Monday, May 23, 2011

American Gods by Neil Gaiman

American GodsAmerican Gods by Neil Gaiman

My rating: 5 of 5 stars

I only started reading Neil Gaiman a short while ago. I knew of him, but mostly the Sandman works, and, really, comic books, er, graphic novels haven't been my thing for a long time. But everyone talked about how GOOD he is. Then I found myself with a copy of Stardust on my to-read shelf. I enjoyed it. (No, I have not seeen the movie.) Since he is coming to my area in June to do a talk on American Gods, and I plan on going, I decided I probably should read it. And I am very glad I did!

(There may be some minor spoilers in the following, so if you have not read, and do not like knowing, you may want to skip. Fair warning.)

"This is not a good country for gods." I think that quote, which appears in several places in the book in various forms, pretty much says it all. The story involves gods, ancient and new, in America. The old gods, who are drawn from many mythologies, are faded, almost caricatures of their former powerful selves. The new gods, born of the modern world's love of technology, are rising. They are all gearing up for a final battle for control. Or so it seems.

But the story really is about Shadow, who is not a god. He just works for one of them, although he doesn't, at first, realize what he is getting into. It's a coming of age story, even though Shadow is something like thirty-two in the book. It's a road trip story, on several levels. Shadow criss-crosses the continent several times during the course of the story. It is also a "road trip" through his inner self, where he finds as much that is surprising as there is that he already knew.

There are little vignettes starting many of the chapters. Some of them expand the stories of some of the gods. Some of them delve into the character and development of America, as much in explanation of why this is not a good country for gods, as why perhaps we need them. Some found these distracting. I did not. I felt they added a lot to the overall sense of the story.

The story doesn't end where and when you think it will. Many find the ending unresolved or lacking. And perhaps if you read with the anticipation of the Most-Epic-Battle-Ever, it is. For me, it was an excellent ending, if not what I expected.

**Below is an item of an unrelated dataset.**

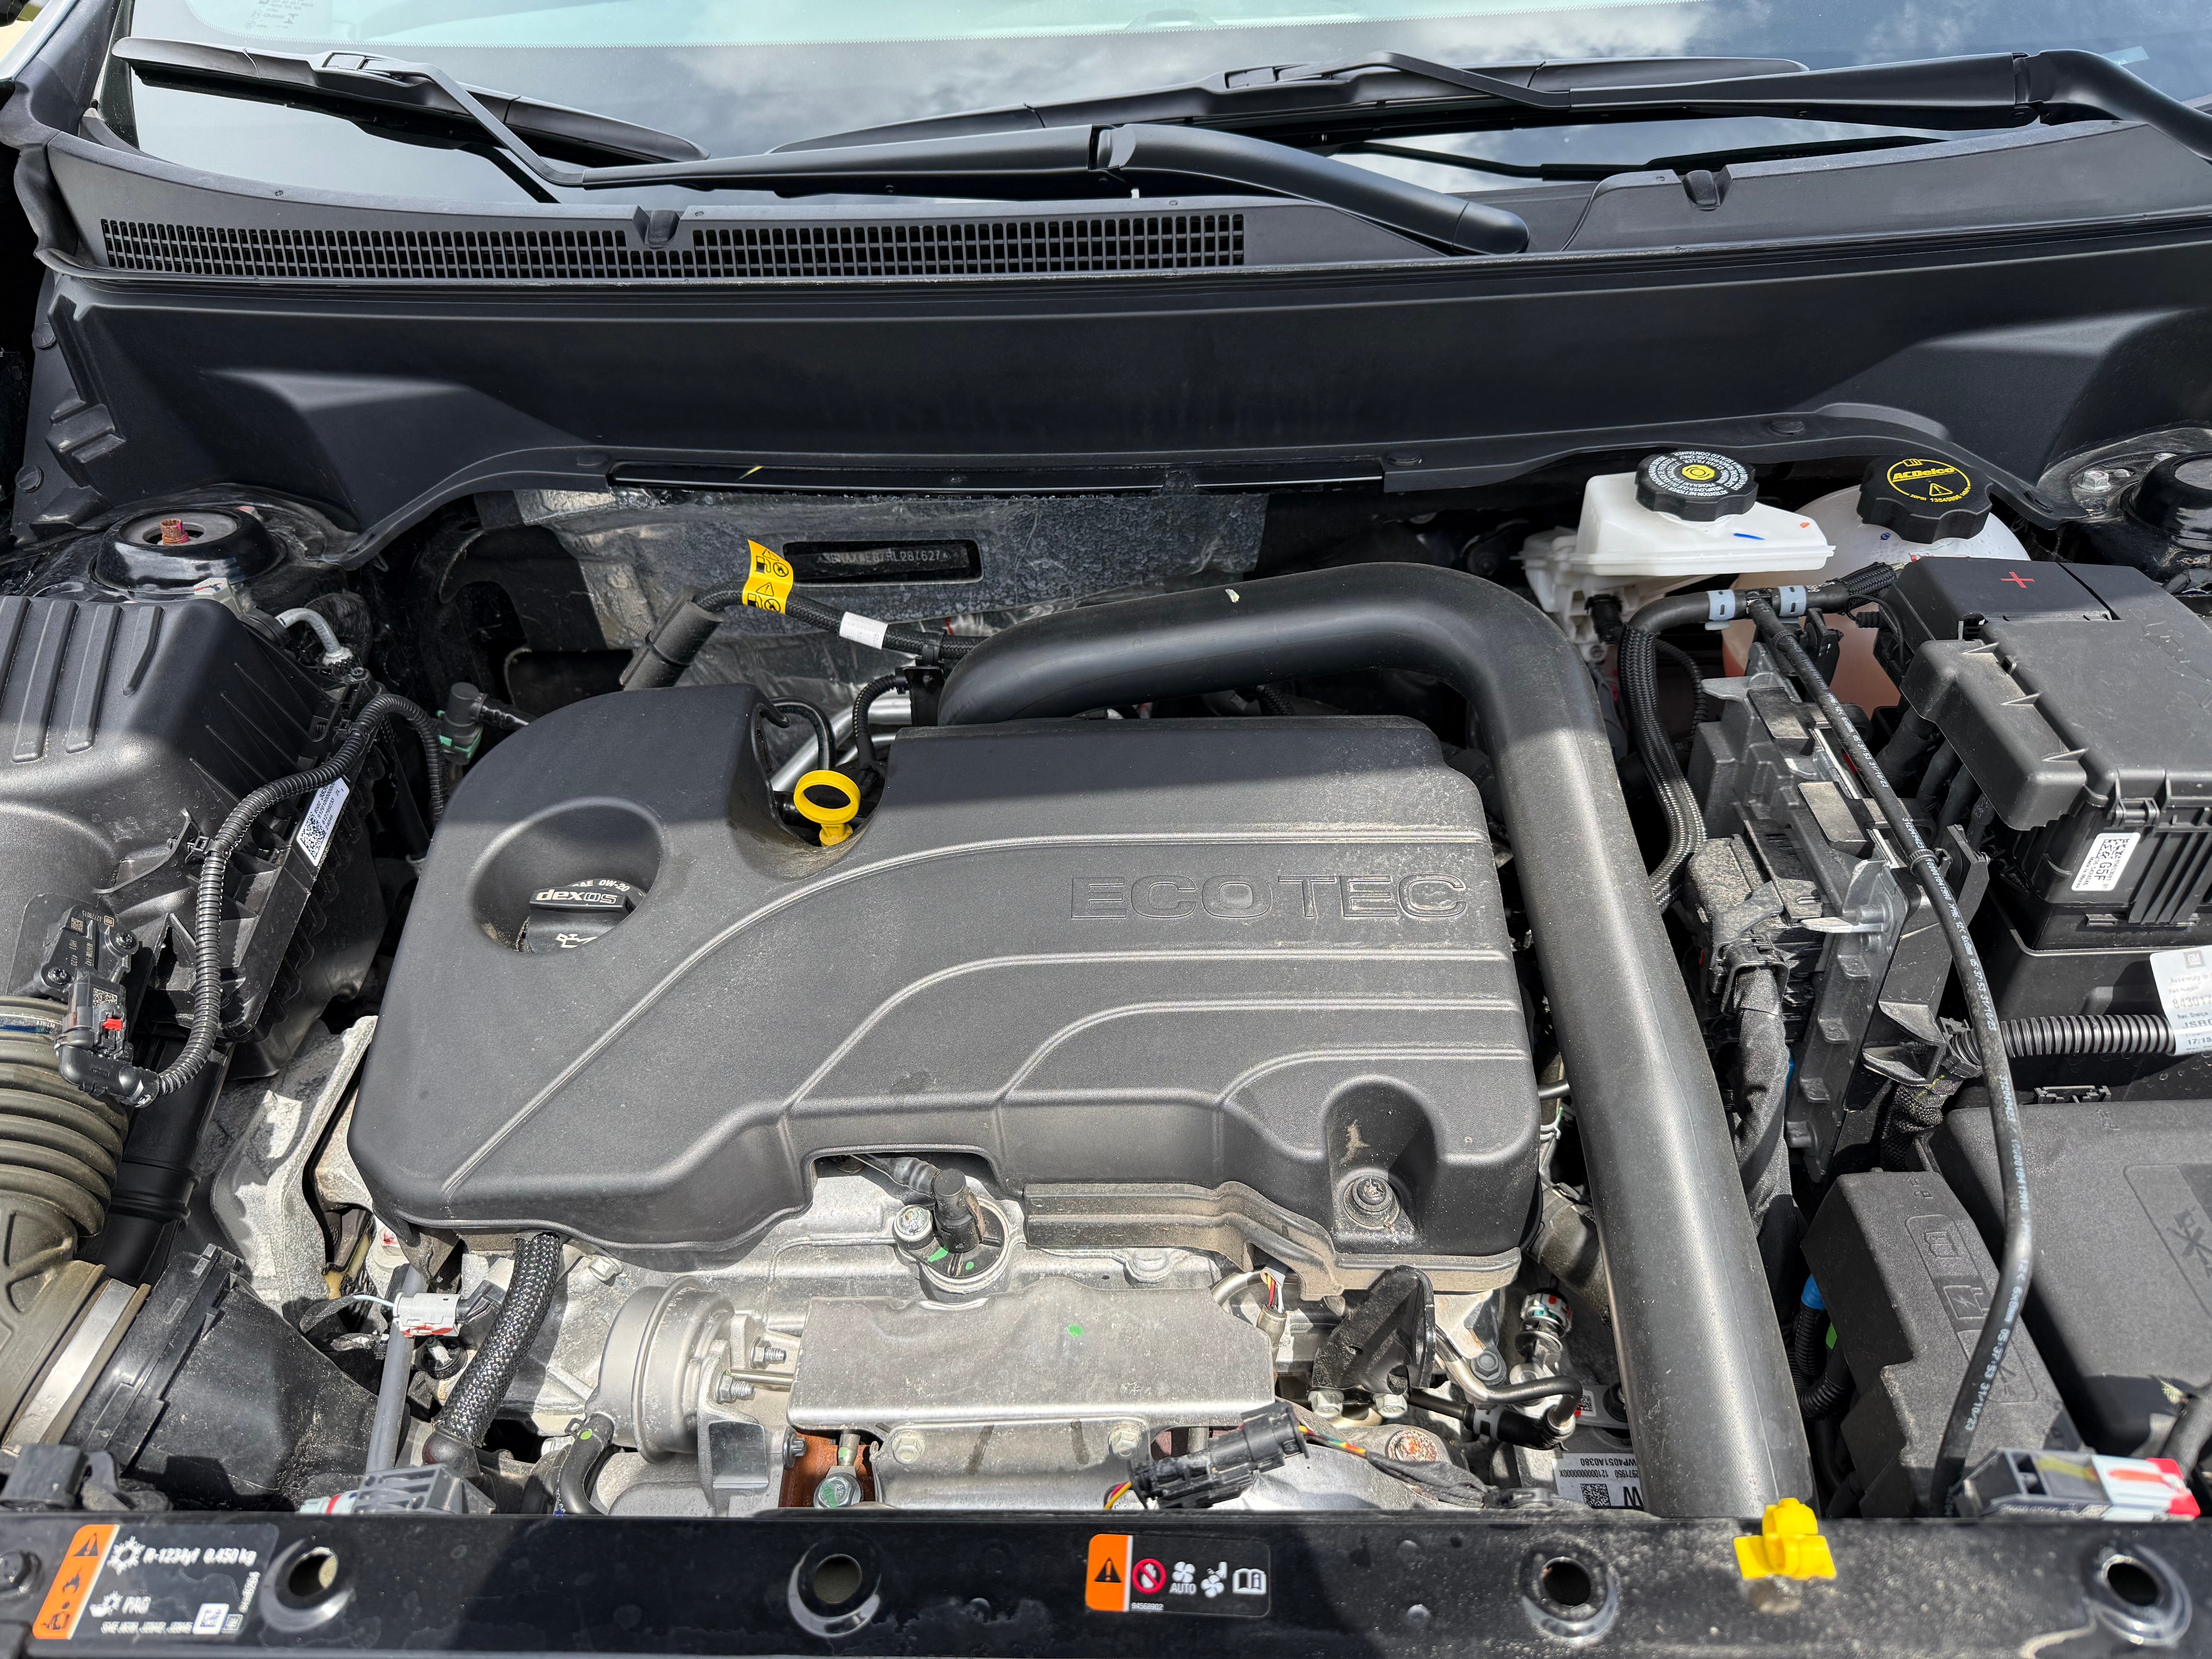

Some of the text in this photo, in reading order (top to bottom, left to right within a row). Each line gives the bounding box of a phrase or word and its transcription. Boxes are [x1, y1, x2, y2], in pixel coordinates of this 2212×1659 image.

I guess some of the reason I liked this as much as I did is that I have always been fascinated with mythology and ancient gods. American Gods draws on much of what I have read about for years, and adds to it. It also brings some fresh ideas about how gods are formed and kept alive, and brings a modern interpretation to all that. There were some things I was able to figure out based on what I knew, but plenty of surprises, also.

I also find Mr. Gaiman exceptionally easy to read. Not that this is a simple story. It is not. But his writing style flows very well and makes for comfortable reading.

All in all, I recommend this book highly, with a couple warnings. There is some "bad" language and explicit sex, as well as some violence. If those are not to your taste, this is probably not the book for you. If you can tolerate the above, it is a wonderful read.